**Problem requirements:**
Word for word, copy the lines beginning at the one with "this 1000×1500 image." and ending at the last line below; pictures stay out.
--- Records supplied Enclosed Below ---
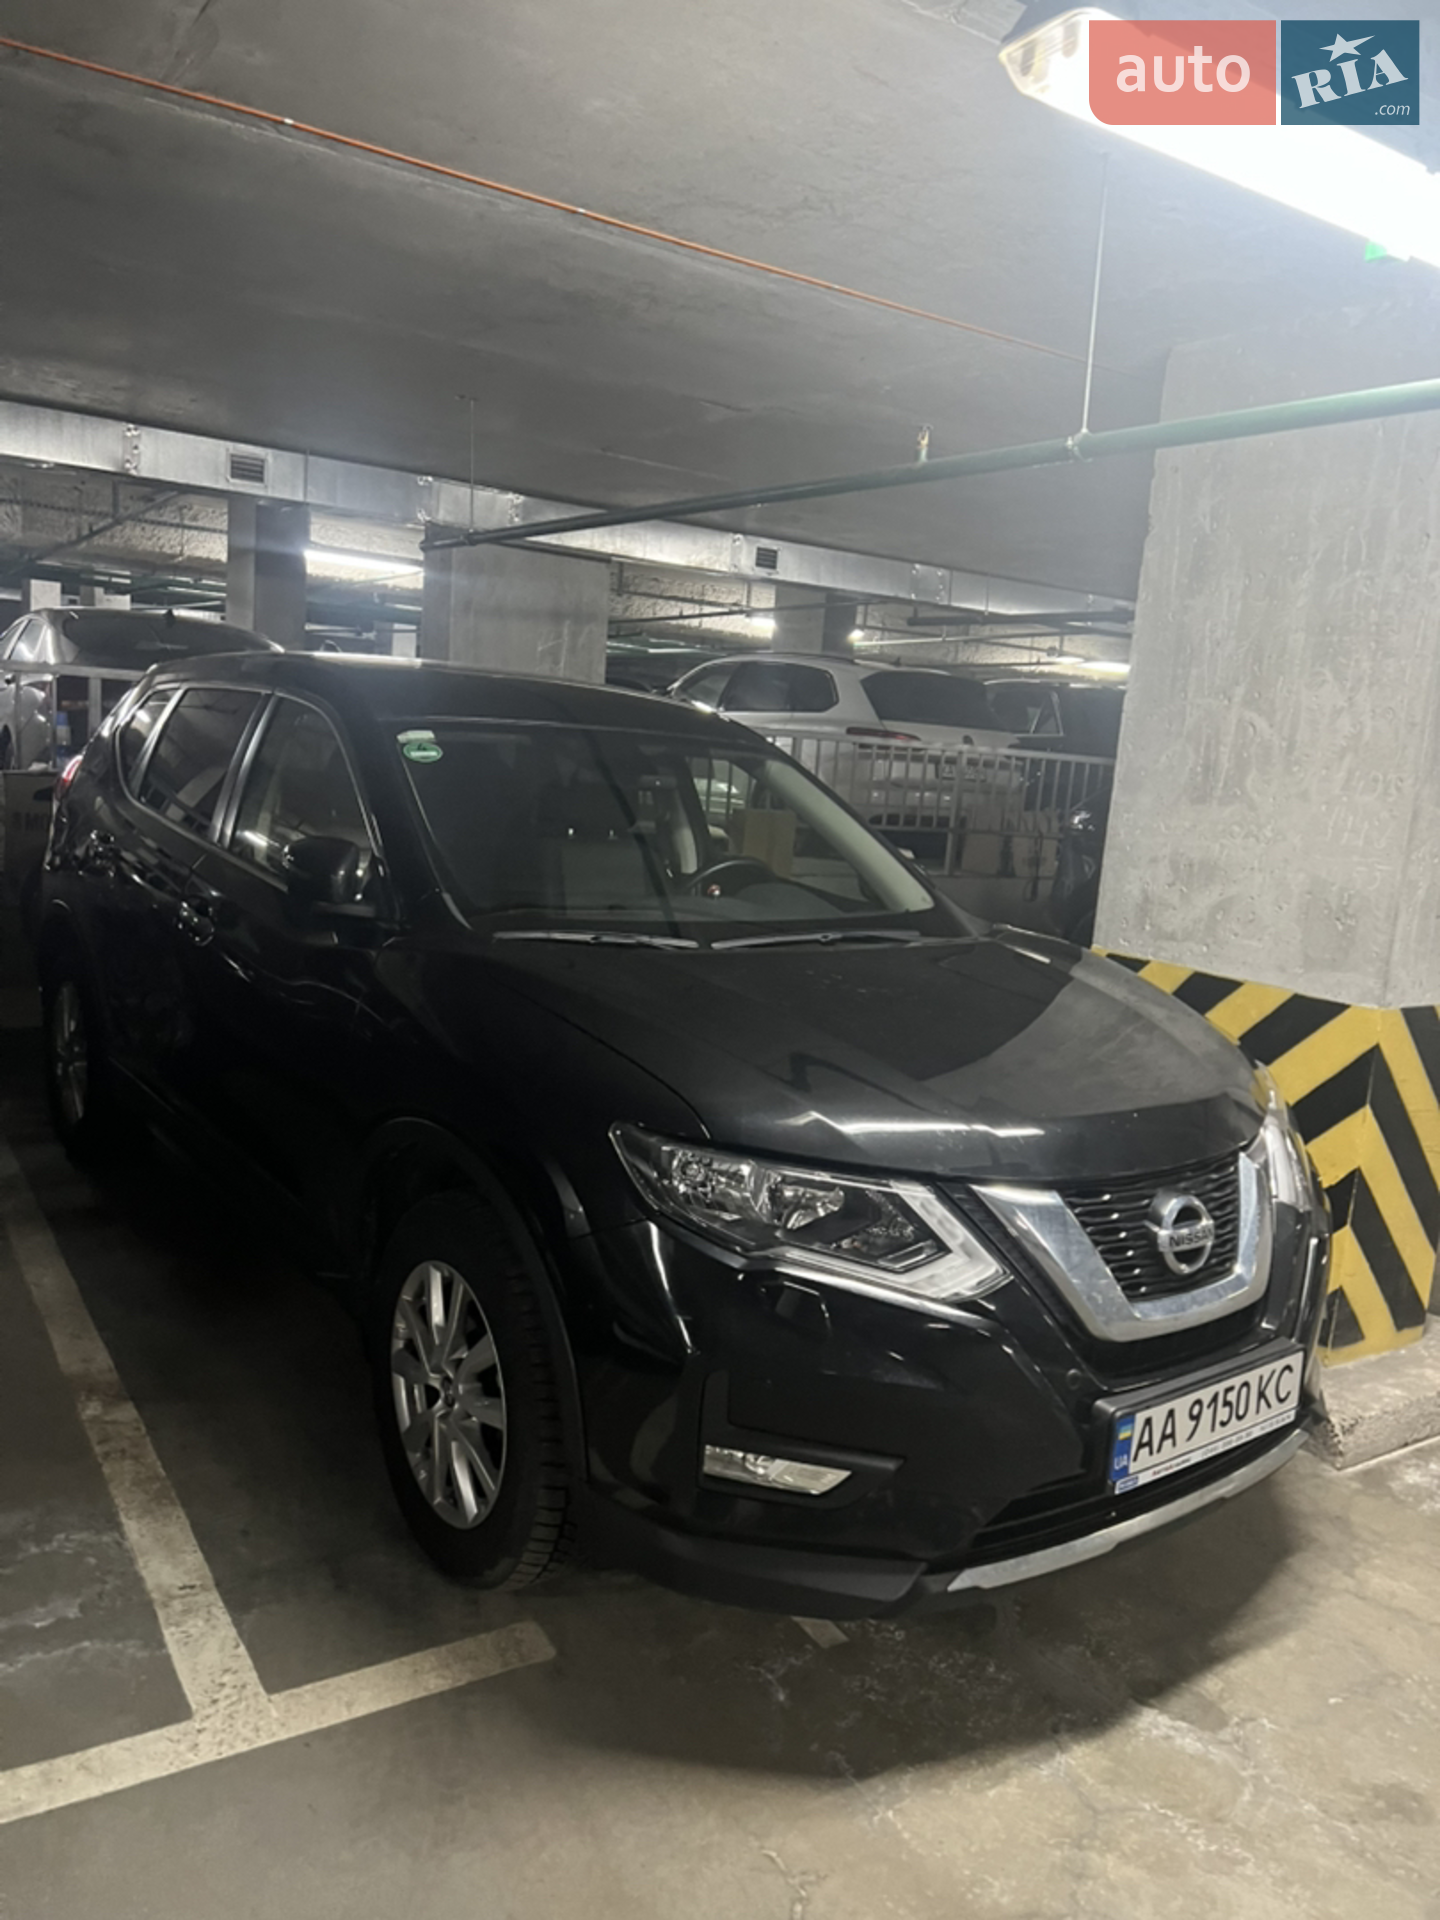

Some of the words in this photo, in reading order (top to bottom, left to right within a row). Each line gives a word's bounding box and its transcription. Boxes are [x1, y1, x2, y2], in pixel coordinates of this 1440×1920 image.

[1169, 1229, 1214, 1247] NISSAN
[1133, 1409, 1177, 1462] AA
[1186, 1380, 1251, 1442] 9150
[1256, 1364, 1294, 1415] KC
[1114, 1455, 1128, 1470] UA
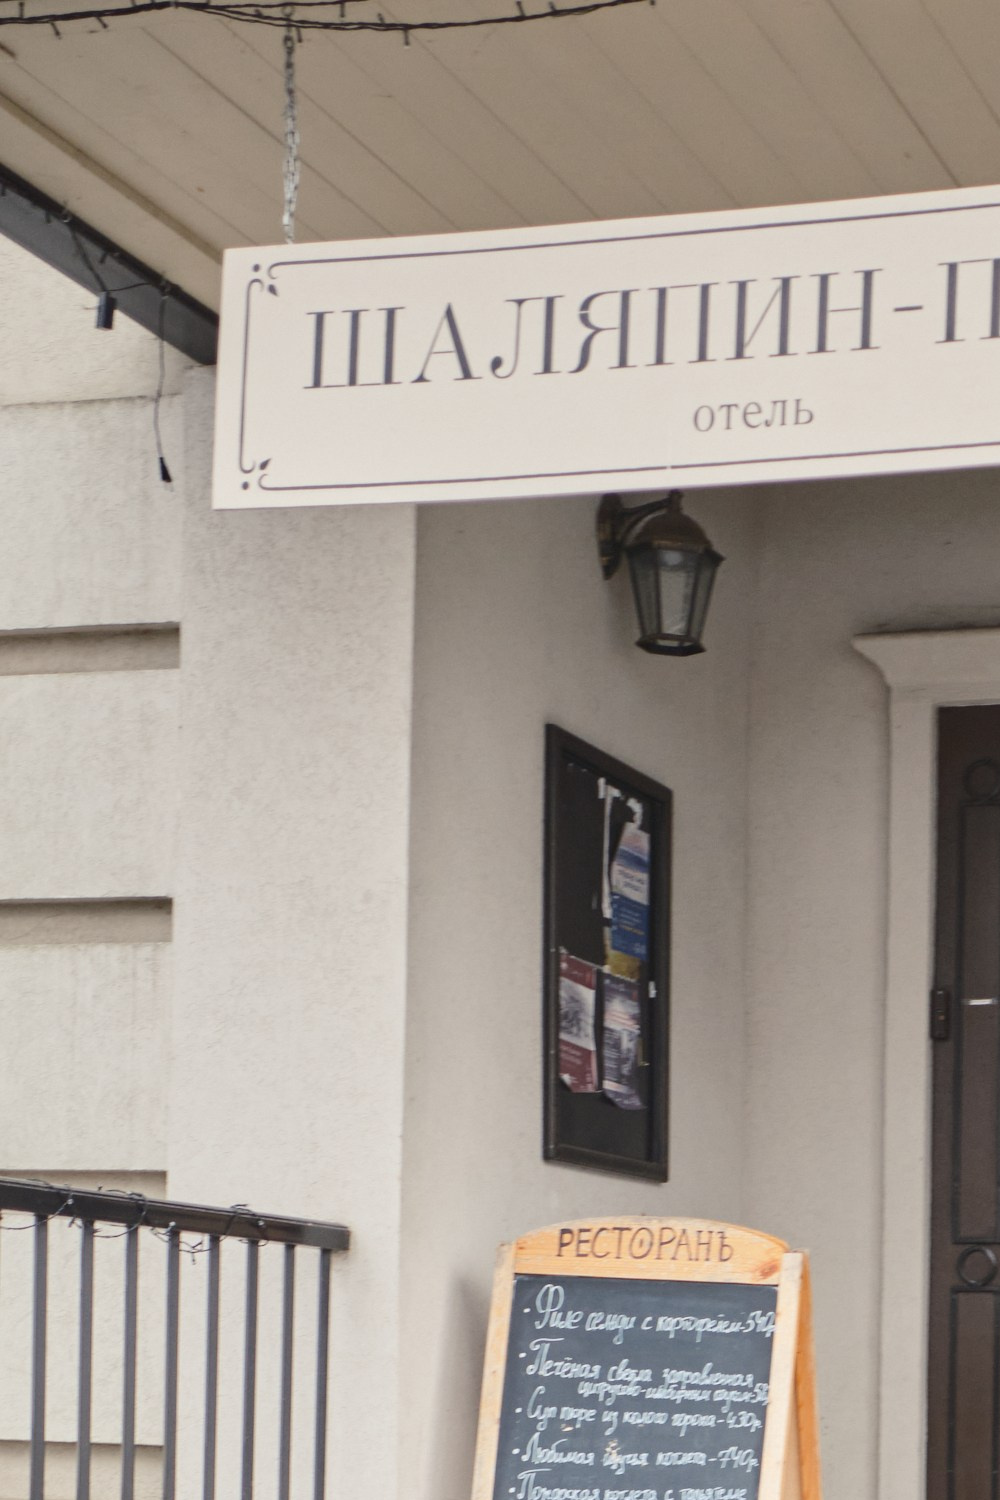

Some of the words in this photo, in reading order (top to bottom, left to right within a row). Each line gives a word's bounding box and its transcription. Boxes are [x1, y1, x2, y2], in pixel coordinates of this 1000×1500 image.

[691, 394, 815, 434] отель
[555, 1226, 735, 1263] РЕСТОРАНЪ
[534, 1284, 584, 1329] Филе
[641, 1315, 653, 1330] с
[526, 1385, 558, 1431] Суп
[601, 1410, 620, 1436] из
[520, 1431, 595, 1466] Любимая
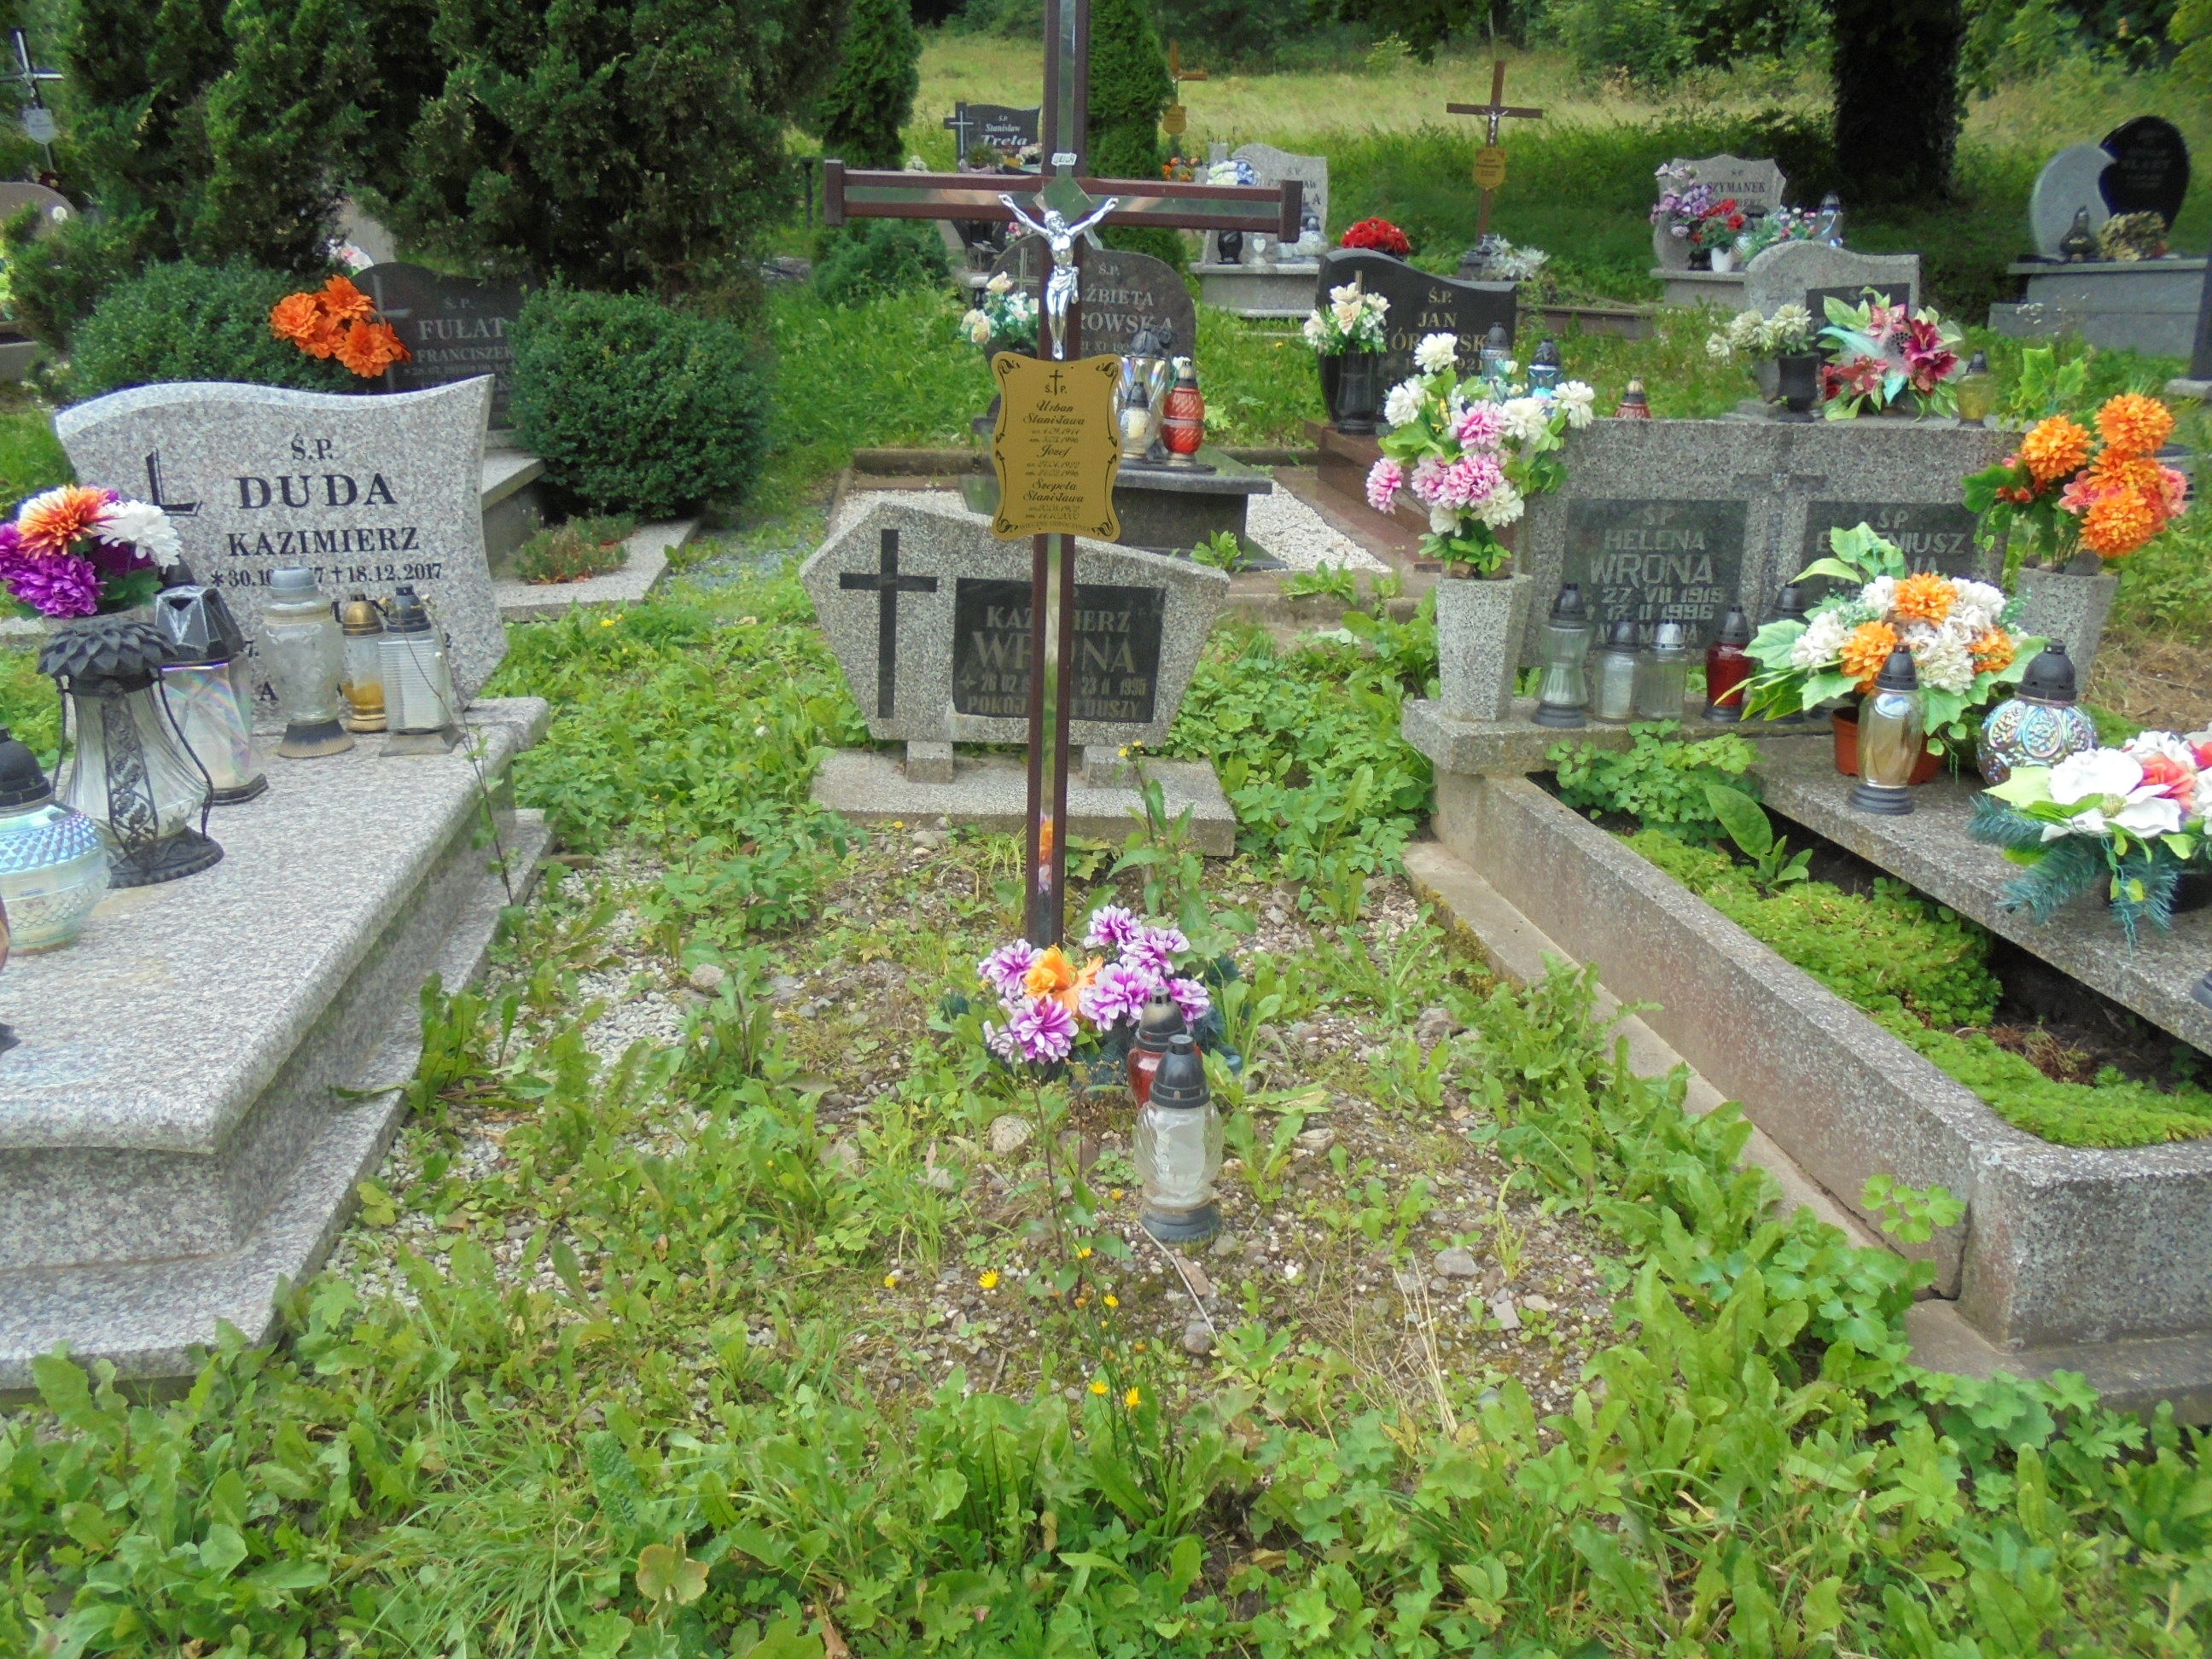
--- End of Enclosed Records supplied ---
**Output for this exercise:**
Some of the words in this photo, in reading order (top to bottom, left to right within a row). Each line gives a word's bounding box and its transcription. Boxes are [x1, y1, x2, y2], in pixel coordinates of this 1000×1500 image.

[691, 394, 815, 434] отель
[555, 1226, 735, 1263] РЕСТОРАНЪ
[534, 1284, 584, 1329] Филе
[641, 1315, 653, 1330] с
[526, 1385, 558, 1431] Суп
[601, 1410, 620, 1436] из
[520, 1431, 595, 1466] Любимая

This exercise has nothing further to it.